Less is Lost by Andrew Sean Greer
Here’s what Publishers Weekly had to say about Less is Lost: “Greer follows up his Pulitzer-winning Less with another delightful road story featuring middle-aged writer Arthur Less. This time, he’s traveling across the U.S., hoping to raise money to salvage his home with partner Freddy Pelu. Freddy, who narrates the story and has lived with Less for nine blissful months in San Francisco, has recently taken a teaching sabbatical in Maine, where Less plans to join him. But after the death of Less’s former lover, the poet Robert Brownburn, the estate hits him up for 10 years of back rent on Brownburn’s former house, where he now lives with Freddy. He assures Freddy he’ll make everything okay by paying it back with magazine articles and other literary gigs. Soon Less is off to do a profile of a famous sci-fi author, who has Less drive him and his pug in a camper van to Santa Fe, N.Mex., for an onstage interview. Along the way, Less accidentally floods a commune, sleeps in a tepee, and rides a donkey down a canyon. After a cascading series of humorous mishaps, Less wonders if Freddy will leave him. Though a bit overboard at times, Greer packs in plenty of humor and some nicely poignant moments. Fans will eat this up.”

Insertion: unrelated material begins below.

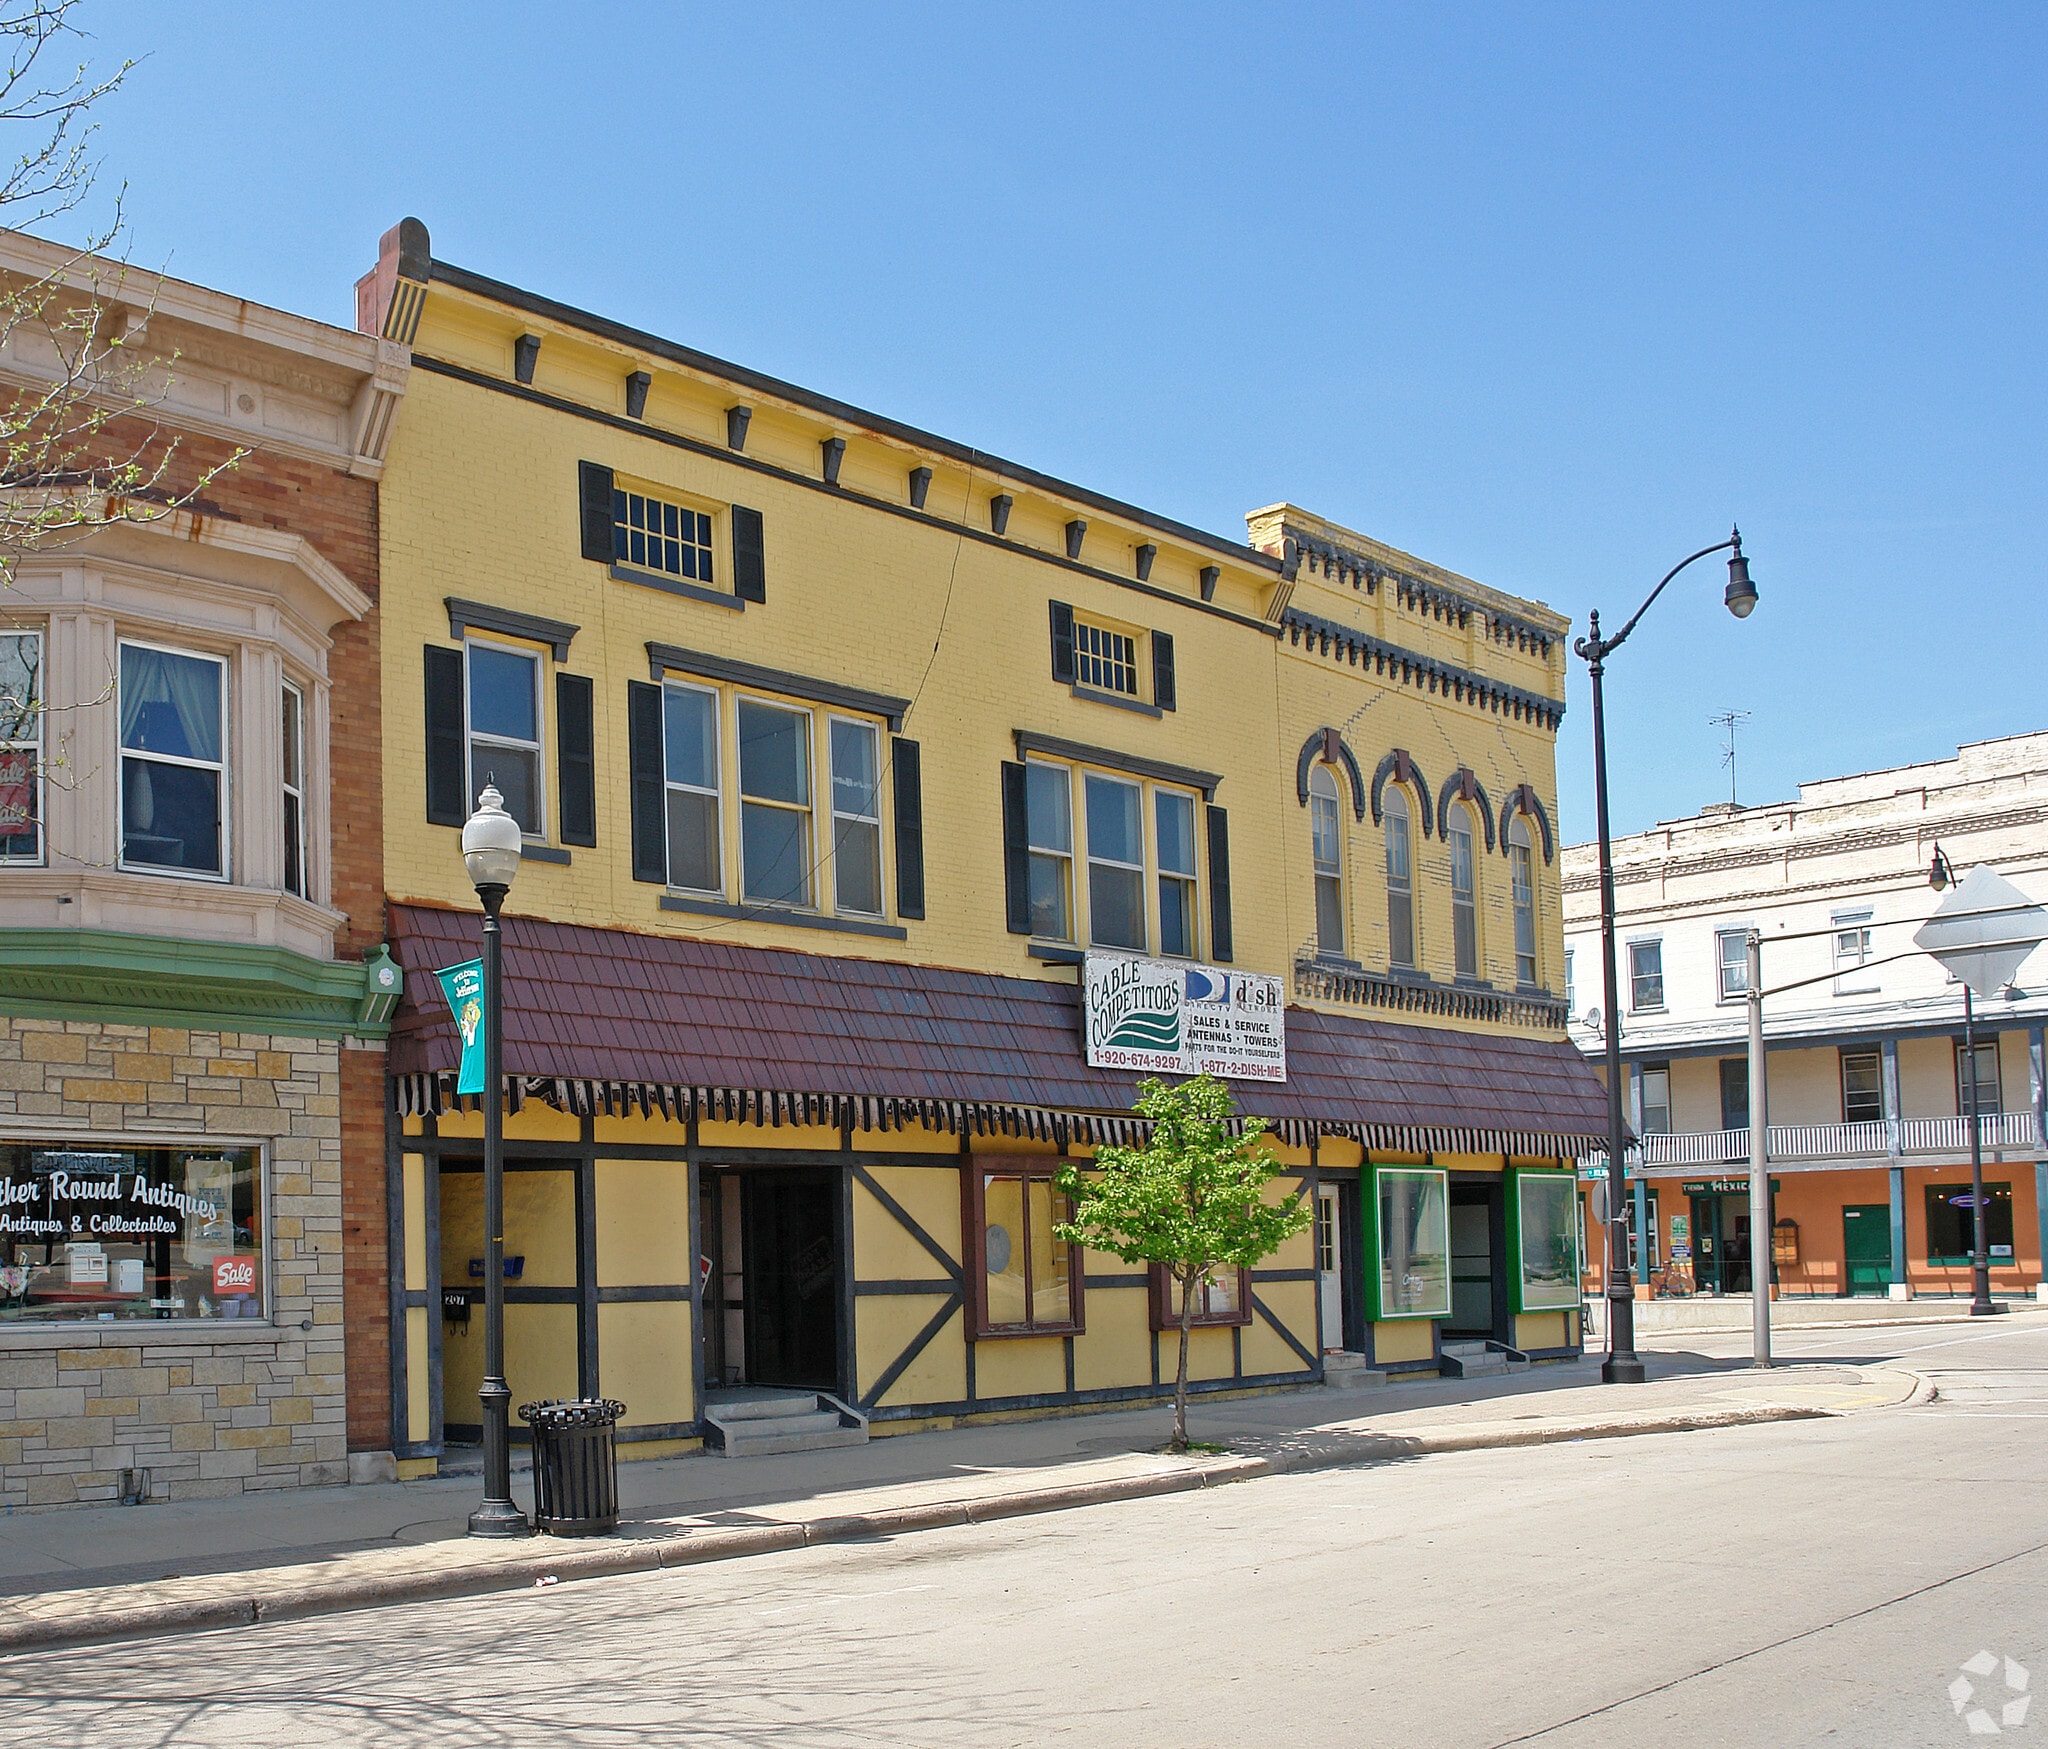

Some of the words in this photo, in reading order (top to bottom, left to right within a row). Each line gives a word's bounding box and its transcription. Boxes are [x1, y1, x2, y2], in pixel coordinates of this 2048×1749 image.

Three Muses by Martha Anne Toll
Here’s what Publishers Weekly had to say about Three Muses: “Loss, memory, and romance are explored in Toll’s bittersweet debut. In 1944, Janko Stein is an 11-year-old German Jewish death camp inmate who is spared because of his beautiful singing voice. That same year, in New York City, seven-year-old Katherine Sillman receives ballet lessons as a consolation after the death of her mother and later grows up to become an acclaimed prima ballerina, thanks to her Svengali-like choreographer, Boris Yanakov, who is also her lover. Janko, adopted by a New York City family after the war and renamed John Curtin, goes on to a psychiatric residency. In 1963, John and Katherine, now rechristened Katya Symanova, meet in Paris after John becomes entranced by her performance in Yanakov’s Three Muses. Back in New York, the two of them begin a heated love affair, but will they ultimately be separated by John’s survivor’s guilt and Katya’s allegiance to Yanakov? Toll is savvy in exploring how love can flourish in the face of trauma, but her theme is undercut by clichéd situations and dialogue (‘You were born to dance’). Despite the pungent realism of the death camp setting and the vibrant depiction of the New York ballet scene, John and Katya feel a bit too wooden, with every emotion spelled out. It’s an ambitious if uneven effort.”

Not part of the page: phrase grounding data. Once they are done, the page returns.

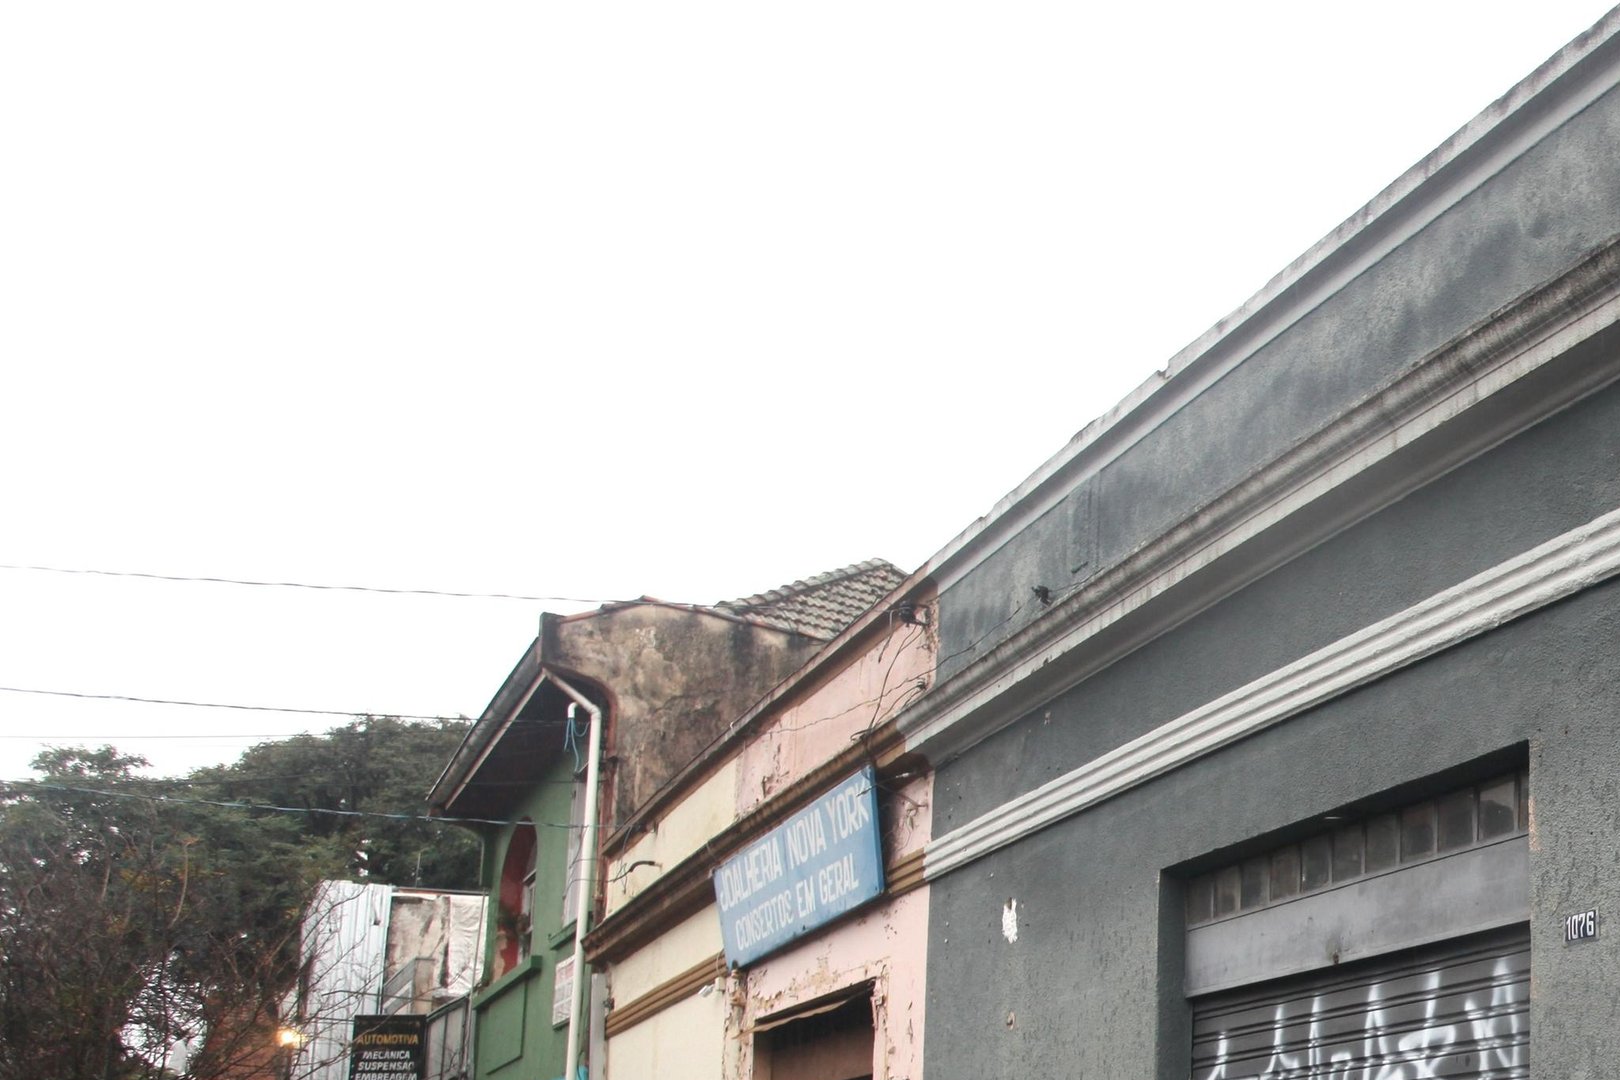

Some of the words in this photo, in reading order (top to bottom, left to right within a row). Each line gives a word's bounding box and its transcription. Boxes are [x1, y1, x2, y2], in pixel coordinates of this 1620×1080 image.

[720, 836, 783, 912] JOALHERIA
[787, 807, 826, 870] NOVA
[825, 777, 870, 845] YORK
[735, 890, 794, 951] CONSERTOS
[795, 875, 816, 918] EM
[818, 853, 860, 905] GERAL
[1566, 911, 1594, 941] 1076
[357, 1034, 419, 1045] AUTOMOTIVA

Lucy by the Sea by Elizabeth Strout
Here’s what Publishers Weekly had to say about Lucy by the Sea: “Strout follows up Oh William! with a captivating entry in the Lucy Barton series. This time, Lucy decamps to rural Maine during the first year of the Covid lockdown. At the pandemic’s onset in 2020, Lucy’s philandering ex-husband and longtime friend, William, whisks her away from New York City to a rental house in coastal Maine. He may have self-centered ulterior motives beyond his assertion that he’s trying to save her life, but they are not readily transparent for most of the narrative. Personal and public events intrude during the lockdown as the pair develop a “strange compatibility” while attempting to comprehend the new normal. Their two daughters each face a crisis in their marriage; William contacts his once unknown half sister, Lois Bubar, and reveals a life-threatening medical condition; and the country roils from George Floyd’s murder and the insurrection on January 6. Bleak memories of Lucy’s impoverished childhood and of her recently deceased husband surface in shattering flashbacks. Loneliness, grief, longing, and loss pervade intertwined family stories as Lucy and William attempt to create new friendships in an initially hostile town. What emerges is a prime testament to the characters’ resilience. With Lucy Barton, Strout continues to draw from a deep well.”